Por meio de processos laboratoriais, as células T coletadas são reprogramadas para reconhecer e atacar as células cancerosas do paciente. Uma vez que as células T se multiplicam e atingem um certo número no laboratório (geralmente centenas de milhões a bilhões), elas são reinfundidas no paciente. Elas, então, circulam por todo o corpo, atacando as células cancerosas.

Terapia CAR T-Cell para Mieloma Múltiplo

O tratamento padrão para mieloma múltiplo inclui terapia com drogas imunomoduladoras, inibidores de proteassoma (que bloqueiam a ação de estruturas degradantes de proteínas nas células) e transplante autólogo de células-tronco.

Atualmente, o antígeno de maturação de células B (BCMA) vem sendo investigado como alvo terapêutico no mieloma. O BCMA é expresso exclusivamente em células plasmáticas e em quantidades particularmente grandes em células plasmáticas transformadas em mieloma. Também conduz sinais importantes para o crescimento e sobrevivência das células do mieloma e é expresso em praticamente todos os pacientes com a doença.

Existem vários estudos em andamento com BCMA como um alvo, bem como outros alvos em desenvolvimento.

Abcema – a Primeira Terapia CAR T-Cell Aprovada para Mieloma Múltiplo

Em 26 de março deste ano, a Food and Drug Administration (FDA), dos Estados Unidos, aprovou o idecabtagene vicleucel (Abecma) para pessoas com mieloma múltiplo que não respondeu ou retornou após pelo menos quatro tratamentos diferentes de câncer anteriores.

Abcema é a primeira imunoterapia de células T CAR com alvo o antígeno de maturação de células B (BCMA). Como todas as terapias com células T CAR, é desenvolvido pela coleta de células T do sistema imunológico do paciente e sua modificação genética.

Infundidas de volta no paciente, as células se fixam nas células tumorais e as destroem.
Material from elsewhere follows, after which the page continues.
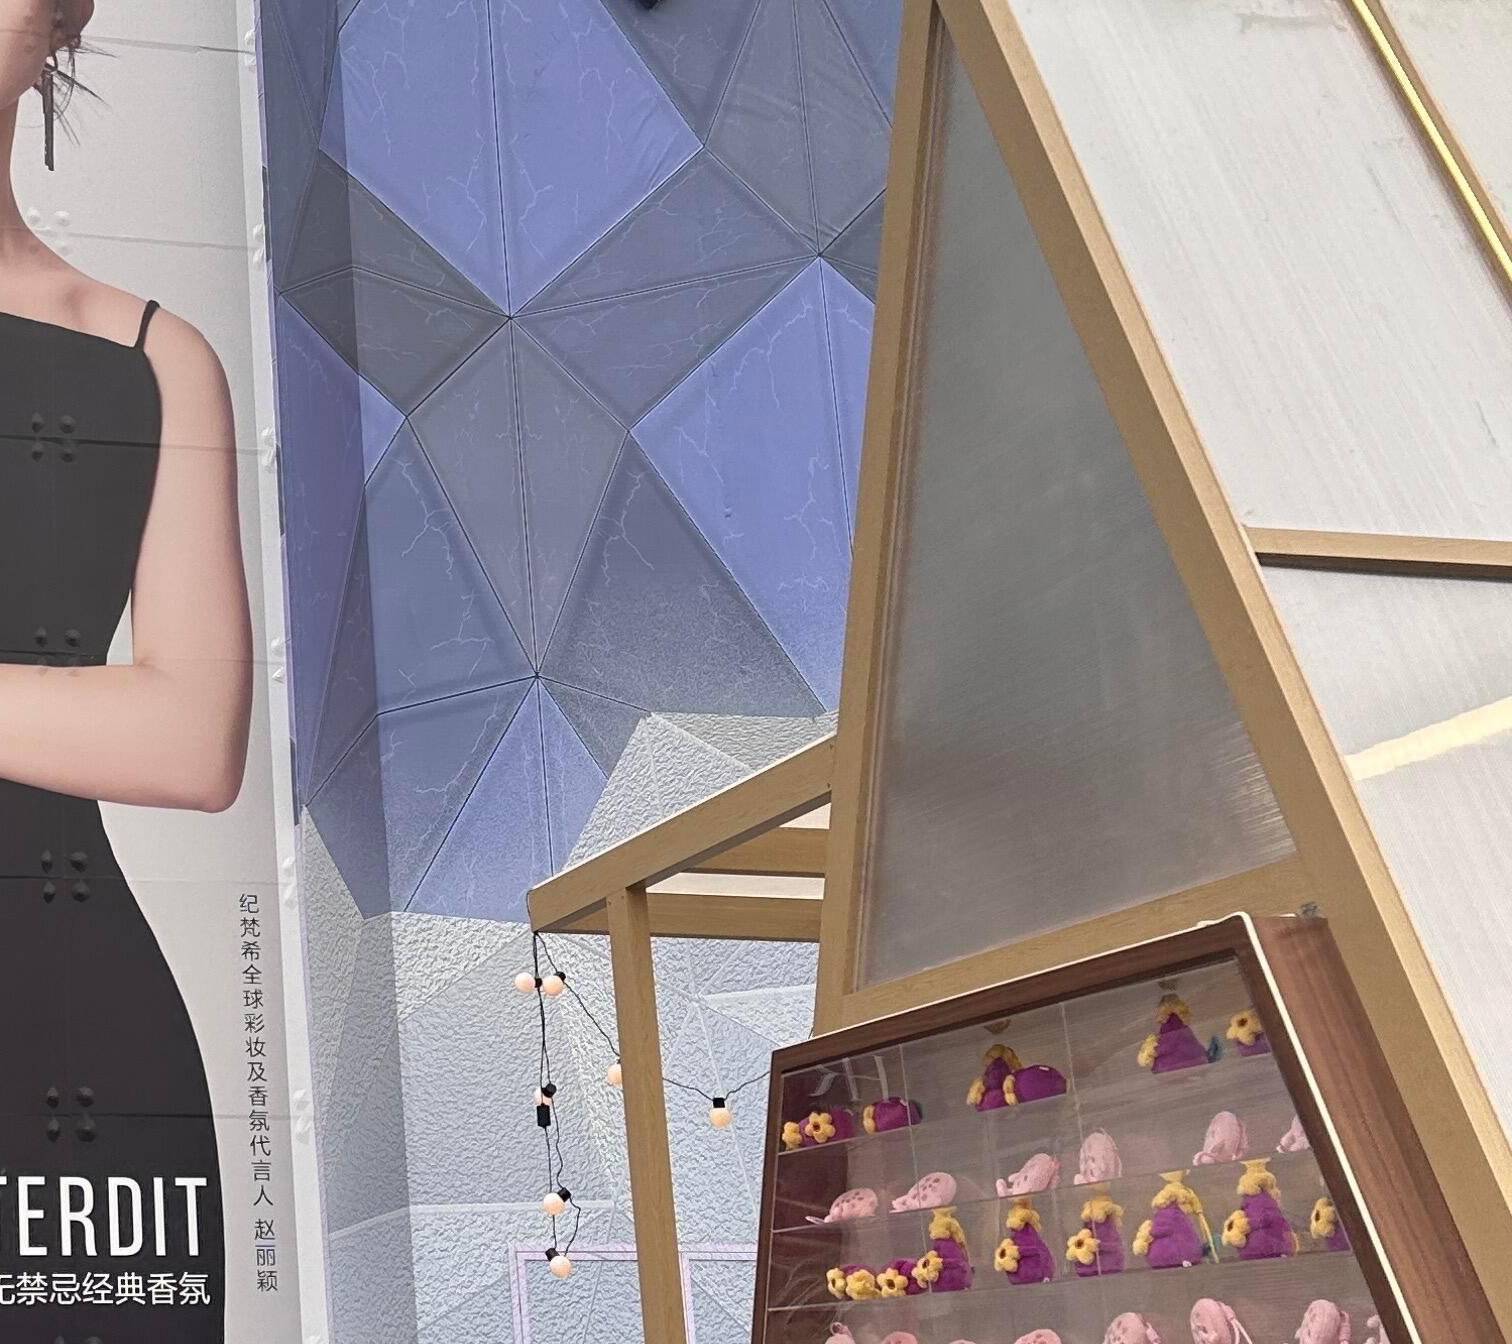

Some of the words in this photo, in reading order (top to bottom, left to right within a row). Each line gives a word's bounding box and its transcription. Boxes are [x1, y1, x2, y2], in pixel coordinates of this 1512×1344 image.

[239, 893, 274, 1207] 纪梵希全球彩妆及香氛代言人
[254, 1218, 278, 1293] 赵丽颖
Propõe-se que as células T CAR reconheçam e se liguem a BCMA na superfície de células de mieloma múltiplo, levando a um mecanismo de morte celular chamado apoptose.

Terapia CAR T-Cell para Mieloma Múltiplo no Brasil

A Comissão Técnica Nacional de Biossegurança (CTNBio) aprovou na semana passada (11 de novembro) a terapia CAR T-Cell, que está sendo desenvolvida pela pela farmacêutica Janssen, com sede nos Estados Unidos.

A autorização da CTNBio não assegura a permissão para o uso da terapia. A empresa ainda precisa submeter o pedido de registro juntamente à Agência Nacional de Vigilância Sanitária (Anvisa), que avalia aspectos como segurança e eficácia do tratamento, para sua liberação.

A principal vantagem para o paciente é a necessidade de uma infusão única, que geralmente requer no máximo duas semanas de internação.

A terapia CAR T-Cell é também uma droga viva, e seus benefícios podem durar muitos anos. Como as células podem persistir no corpo a longo prazo, elas ainda reconhecerão e atacarão as células cancerígenas se e quando houver uma recaída.